BEGIN MATERIAL FOR THIS TASK

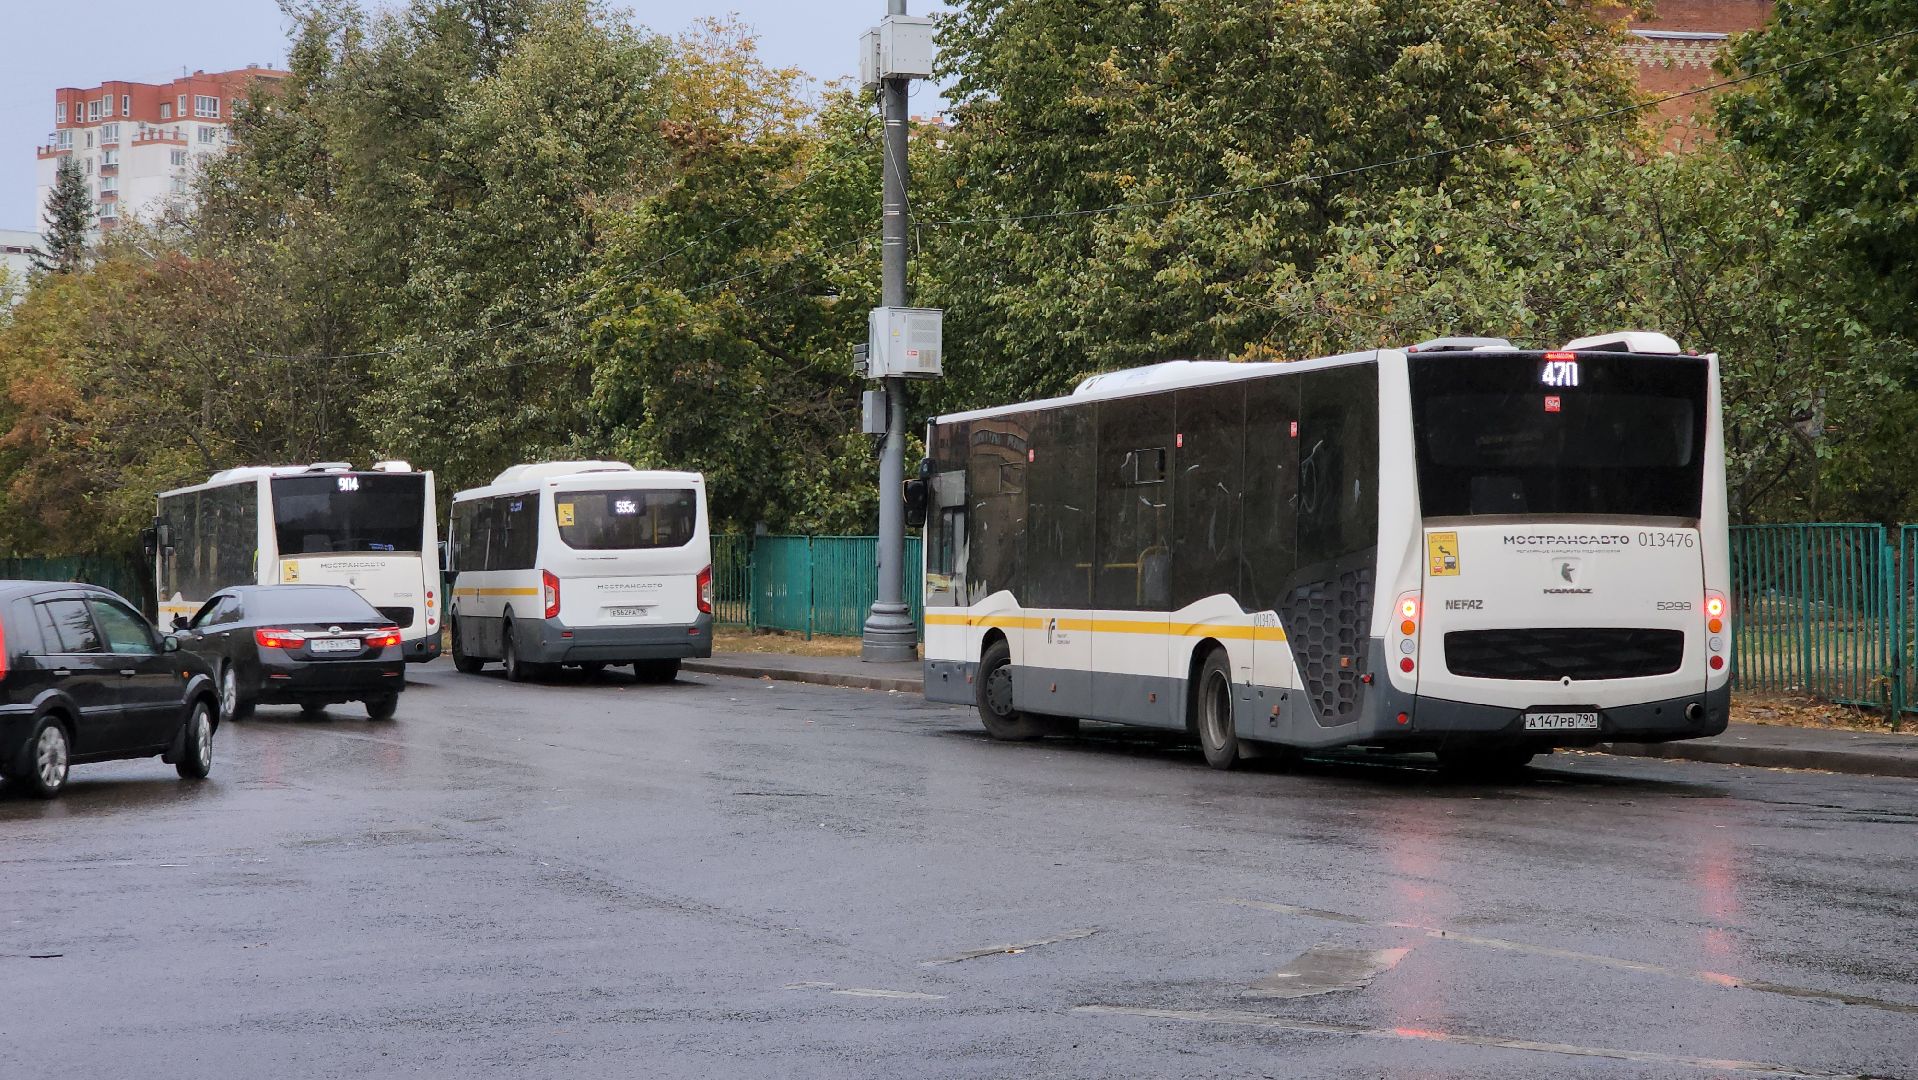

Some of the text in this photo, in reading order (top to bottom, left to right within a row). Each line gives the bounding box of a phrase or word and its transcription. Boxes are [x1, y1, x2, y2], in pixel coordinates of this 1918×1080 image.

[1503, 535, 1630, 545] МОСТРАНСАВТО
[1638, 531, 1694, 548] 013476
[1445, 599, 1484, 610] NEFAZ
[1657, 601, 1692, 611] 5299
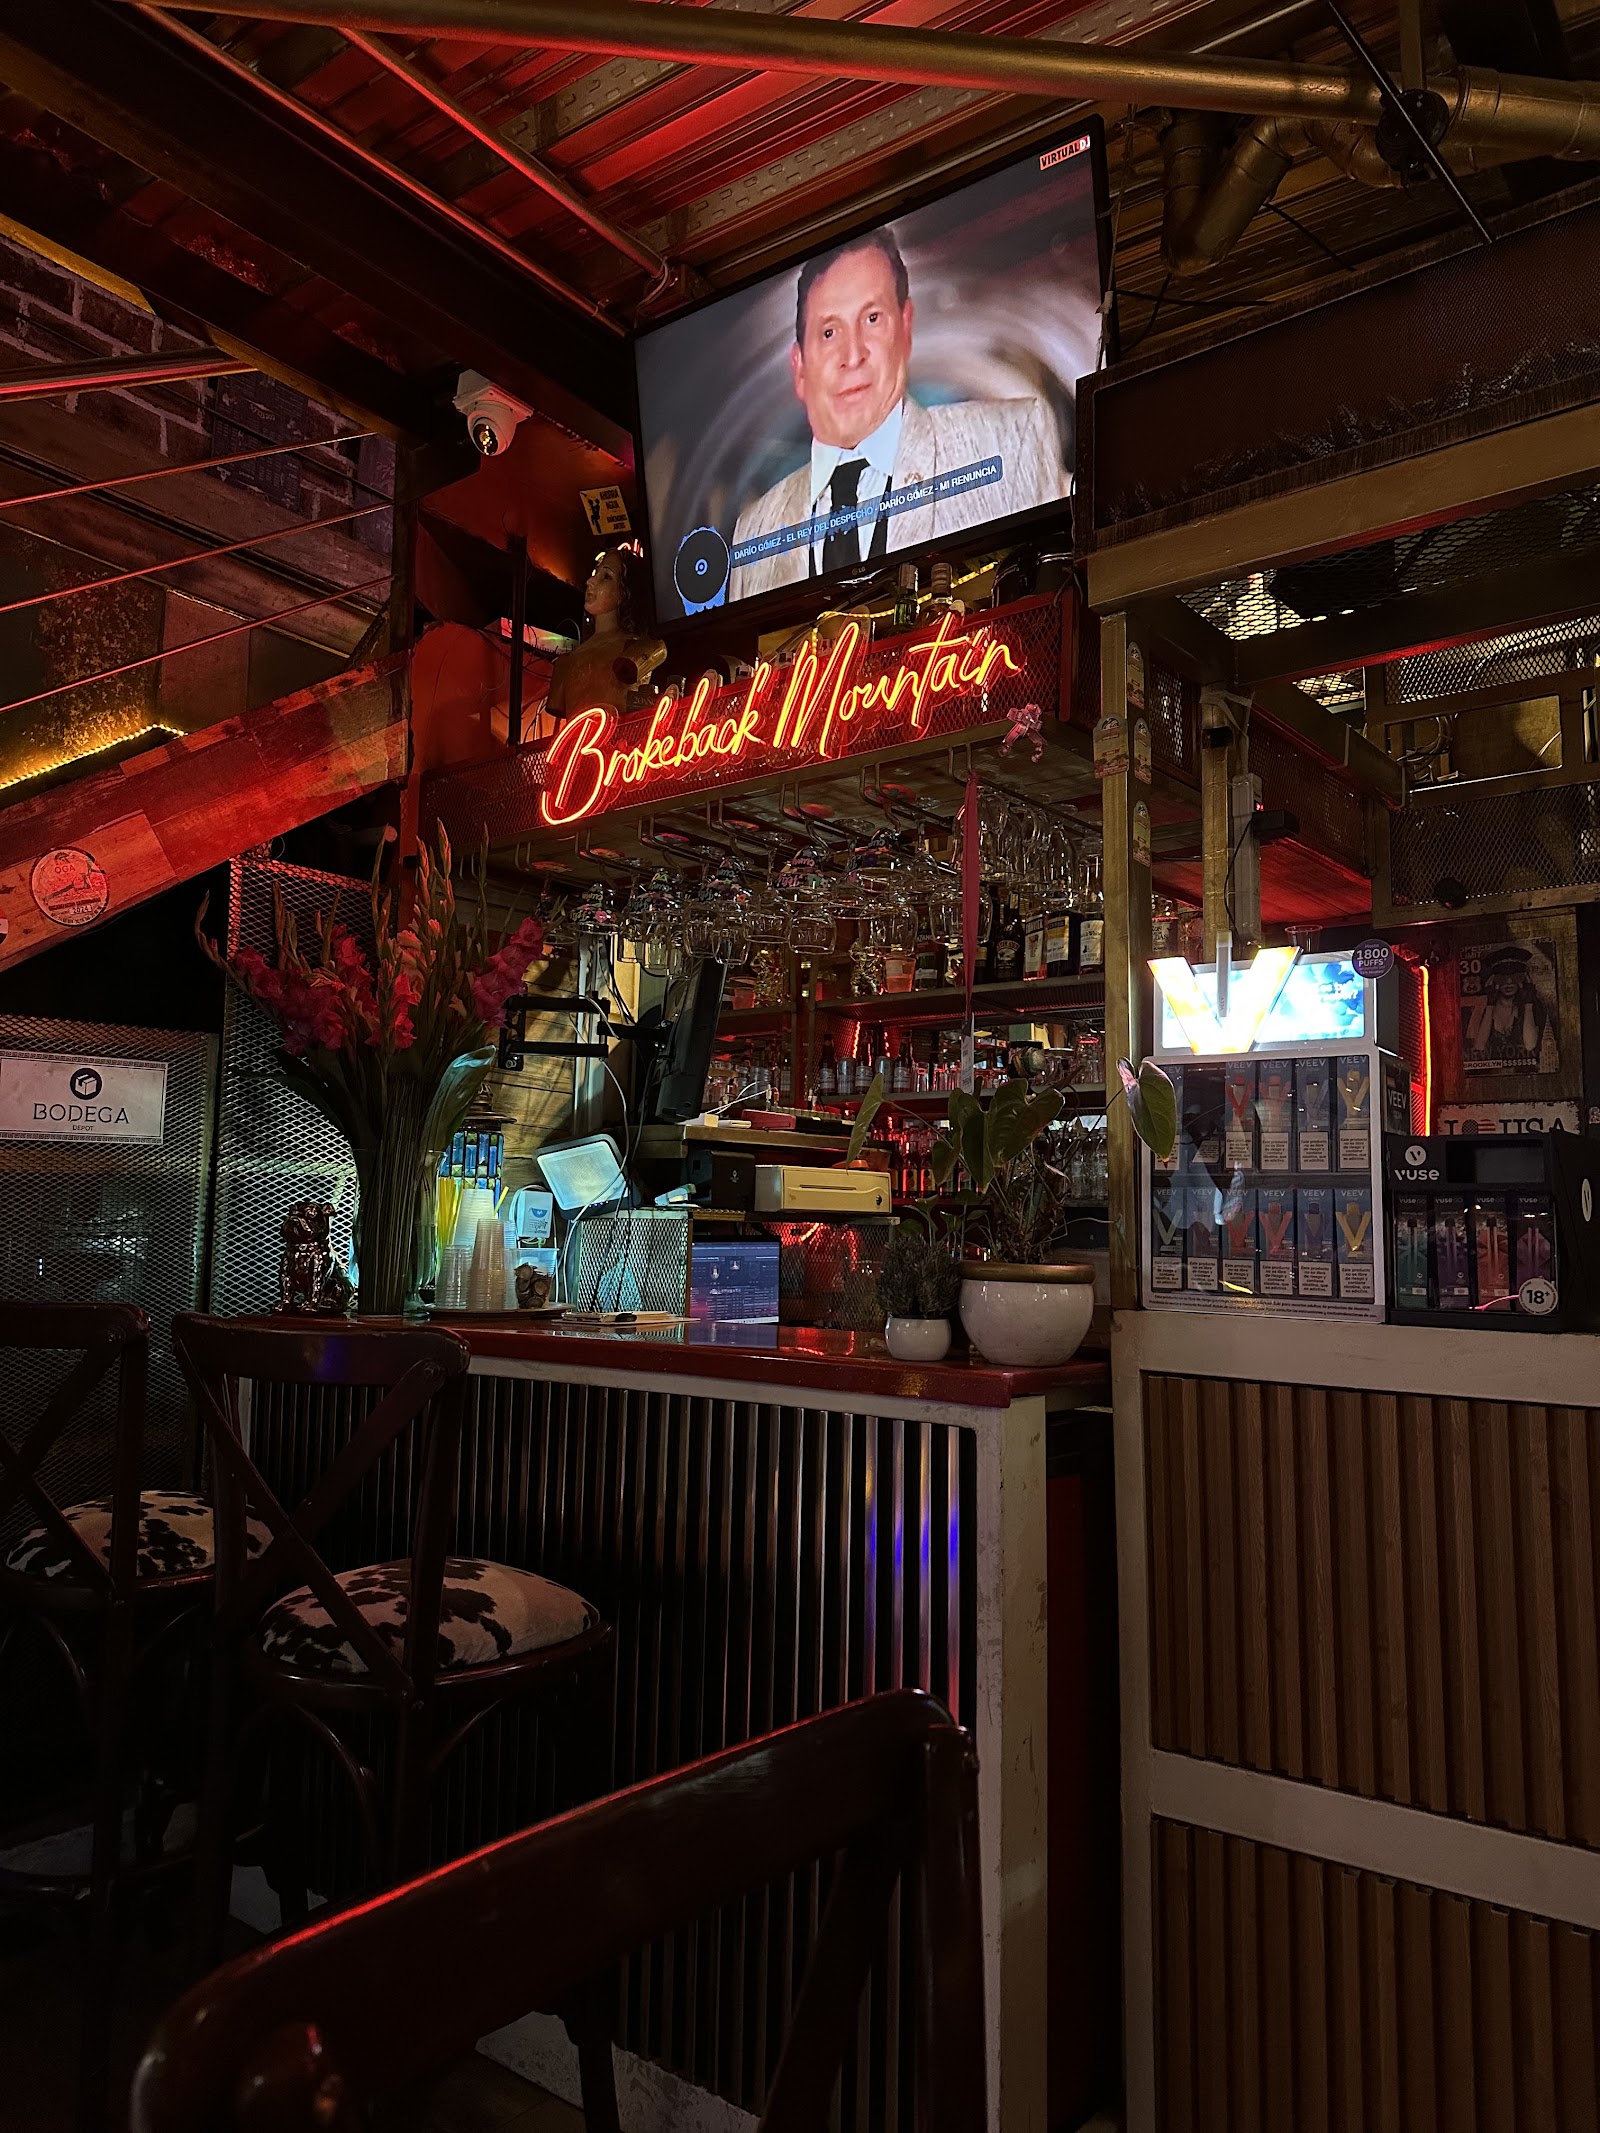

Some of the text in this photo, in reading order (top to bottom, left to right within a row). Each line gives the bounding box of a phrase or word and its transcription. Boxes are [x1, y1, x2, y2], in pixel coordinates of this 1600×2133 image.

[1041, 135, 1090, 167] VIRTUALDJ
[787, 534, 797, 543] EL
[797, 528, 812, 540] REY
[814, 523, 829, 535] DEL
[830, 507, 873, 528] DESPECHO
[879, 495, 905, 512] DARÍO
[907, 487, 934, 502] GÓMEZ
[940, 481, 949, 491] MI
[951, 465, 997, 488] RENUNCIA
[541, 661, 769, 826] Brokeback
[772, 611, 1020, 758] Mountain
[1356, 947, 1389, 960] 1800
[1459, 959, 1482, 975] 30
[1466, 982, 1478, 992] 66
[1227, 1061, 1253, 1069] VEEV
[1262, 1060, 1288, 1069] VEEV
[1299, 1059, 1327, 1067] VEEV
[1340, 1056, 1368, 1065] VEEV
[1463, 1060, 1502, 1069] BROOKLYN
[1387, 1088, 1407, 1110] VEEV
[33, 1103, 129, 1124] BODEGA
[1394, 1169, 1440, 1181] vuse

END MATERIAL FOR THIS TASK

◆ TASK DIRECTIONS ◆
Pictures aside, restate the entries word for word.

◆ WRITTEN RESPONSE ◆
Some of the text in this photo, in reading order (top to bottom, left to right within a row). Each line gives the bounding box of a phrase or word and its transcription. Boxes are [x1, y1, x2, y2], in pixel coordinates of this 1918×1080 image.

[1503, 535, 1630, 545] МОСТРАНСАВТО
[1638, 531, 1694, 548] 013476
[1445, 599, 1484, 610] NEFAZ
[1657, 601, 1692, 611] 5299

Some of the text in this photo, in reading order (top to bottom, left to right within a row). Each line gives the bounding box of a phrase or word and its transcription. Boxes are [x1, y1, x2, y2], in pixel coordinates of this 1600×2133 image.

[1041, 135, 1090, 167] VIRTUALDJ
[787, 534, 797, 543] EL
[797, 528, 812, 540] REY
[814, 523, 829, 535] DEL
[830, 507, 873, 528] DESPECHO
[879, 495, 905, 512] DARÍO
[907, 487, 934, 502] GÓMEZ
[940, 481, 949, 491] MI
[951, 465, 997, 488] RENUNCIA
[541, 661, 769, 826] Brokeback
[772, 611, 1020, 758] Mountain
[1356, 947, 1389, 960] 1800
[1459, 959, 1482, 975] 30
[1466, 982, 1478, 992] 66
[1227, 1061, 1253, 1069] VEEV
[1262, 1060, 1288, 1069] VEEV
[1299, 1059, 1327, 1067] VEEV
[1340, 1056, 1368, 1065] VEEV
[1463, 1060, 1502, 1069] BROOKLYN
[1387, 1088, 1407, 1110] VEEV
[33, 1103, 129, 1124] BODEGA
[1394, 1169, 1440, 1181] vuse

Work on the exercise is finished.